The entries are to be output word for word, with the pictures omitted.

START DATA RECORDS

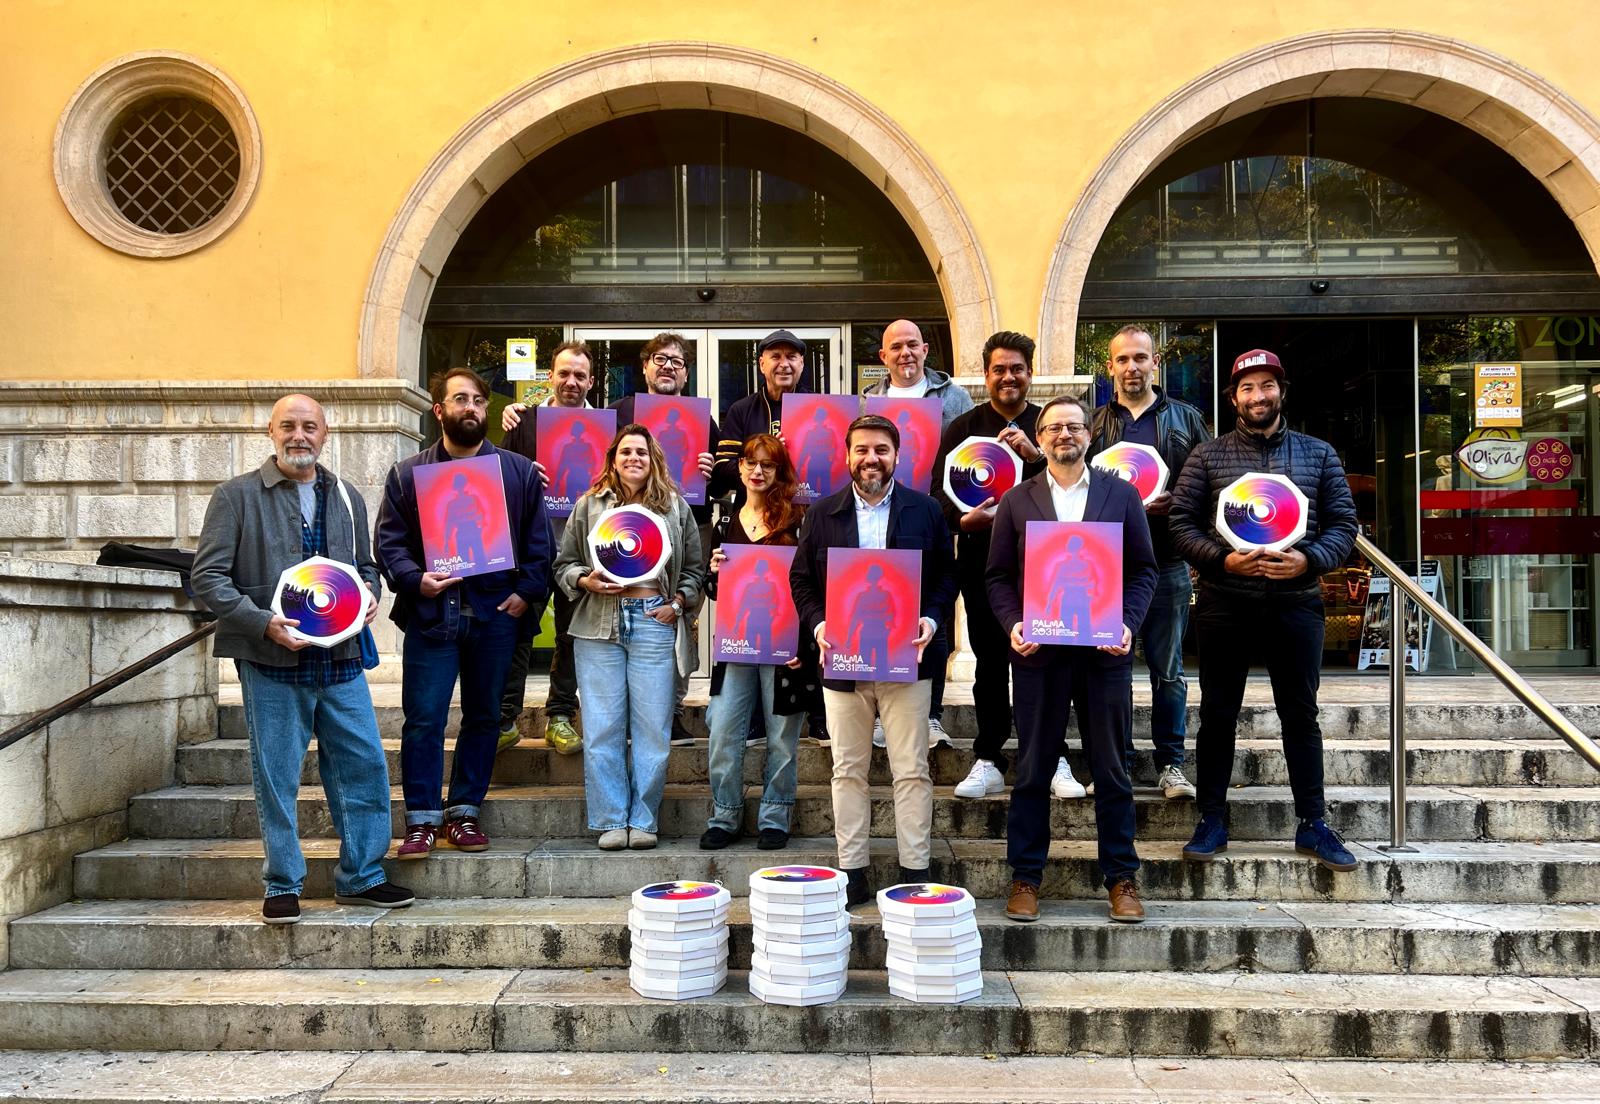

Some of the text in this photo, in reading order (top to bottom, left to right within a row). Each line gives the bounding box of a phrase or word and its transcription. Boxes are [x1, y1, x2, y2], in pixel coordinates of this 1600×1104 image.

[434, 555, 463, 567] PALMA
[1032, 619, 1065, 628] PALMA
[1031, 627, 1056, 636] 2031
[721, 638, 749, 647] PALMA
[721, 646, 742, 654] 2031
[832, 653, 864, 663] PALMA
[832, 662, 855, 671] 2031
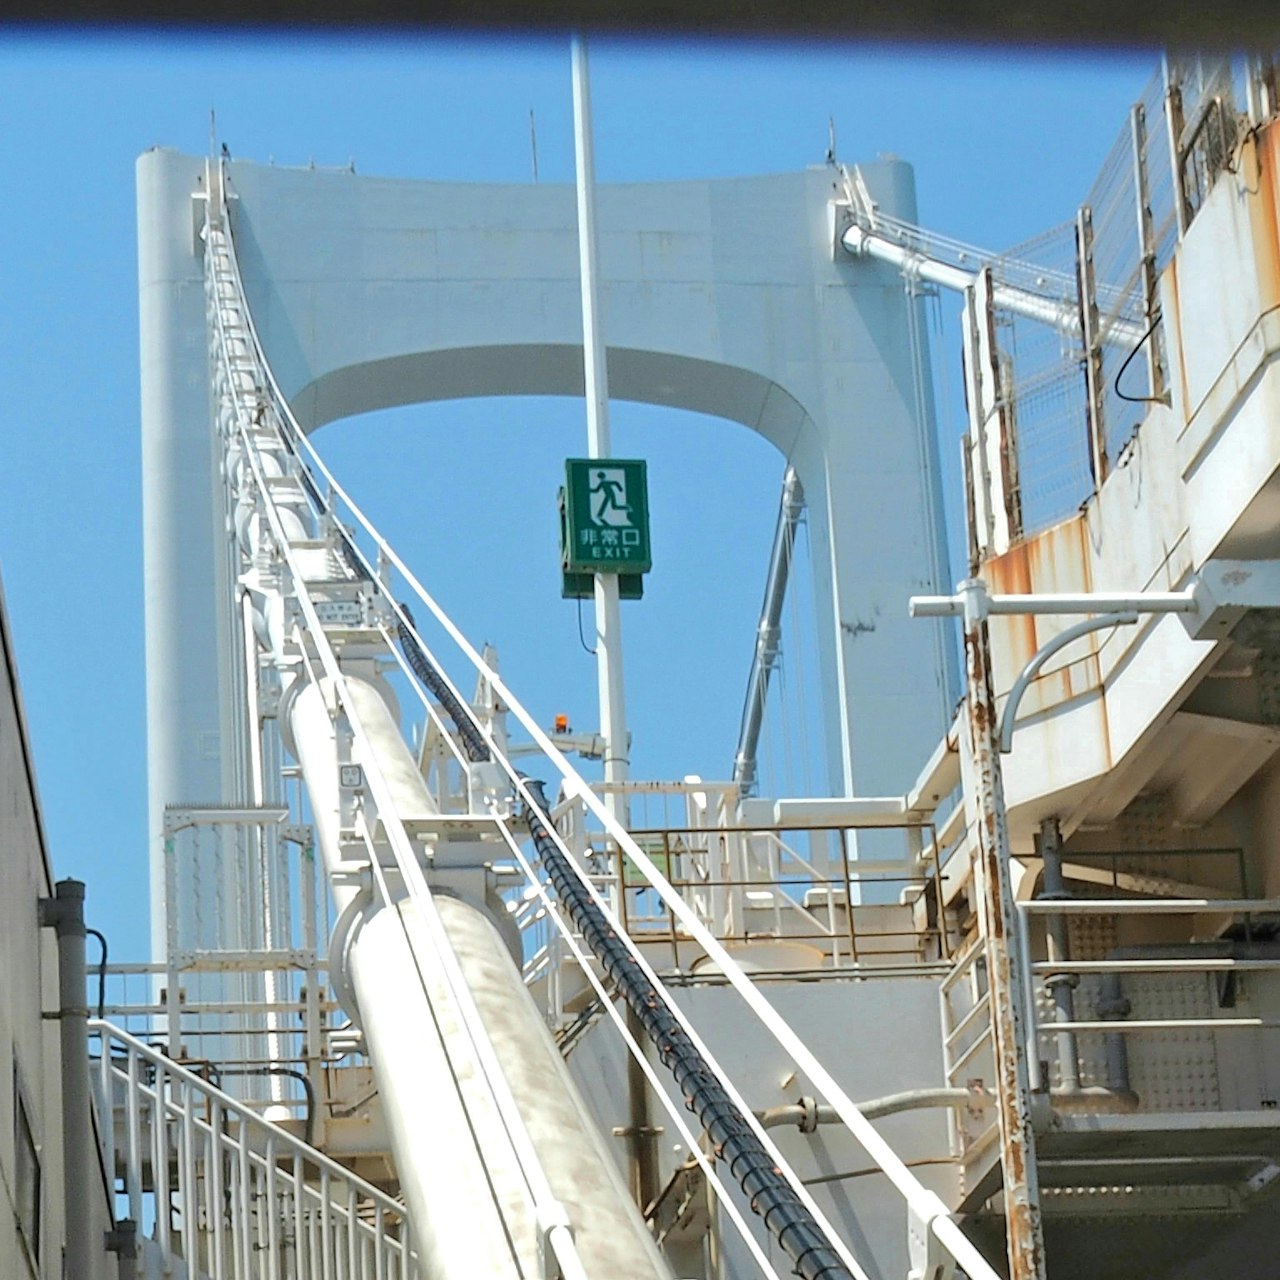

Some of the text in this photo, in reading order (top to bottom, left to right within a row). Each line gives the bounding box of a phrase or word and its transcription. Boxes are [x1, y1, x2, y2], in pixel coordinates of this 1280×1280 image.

END DATA RECORDS

**TASK RESPONSE**
Some of the text in this photo, in reading order (top to bottom, left to right within a row). Each line gives the bounding box of a phrase or word and its transcription. Boxes are [x1, y1, x2, y2], in pixel coordinates of this 1600×1104 image.

[434, 555, 463, 567] PALMA
[1032, 619, 1065, 628] PALMA
[1031, 627, 1056, 636] 2031
[721, 638, 749, 647] PALMA
[721, 646, 742, 654] 2031
[832, 653, 864, 663] PALMA
[832, 662, 855, 671] 2031

Some of the text in this photo, in reading order (top to bottom, left to right within a row). Each line gives the bounding box of a phrase or word and its transcription. Boxes are [x1, y1, x2, y2], in pixel coordinates of this 1280×1280 image.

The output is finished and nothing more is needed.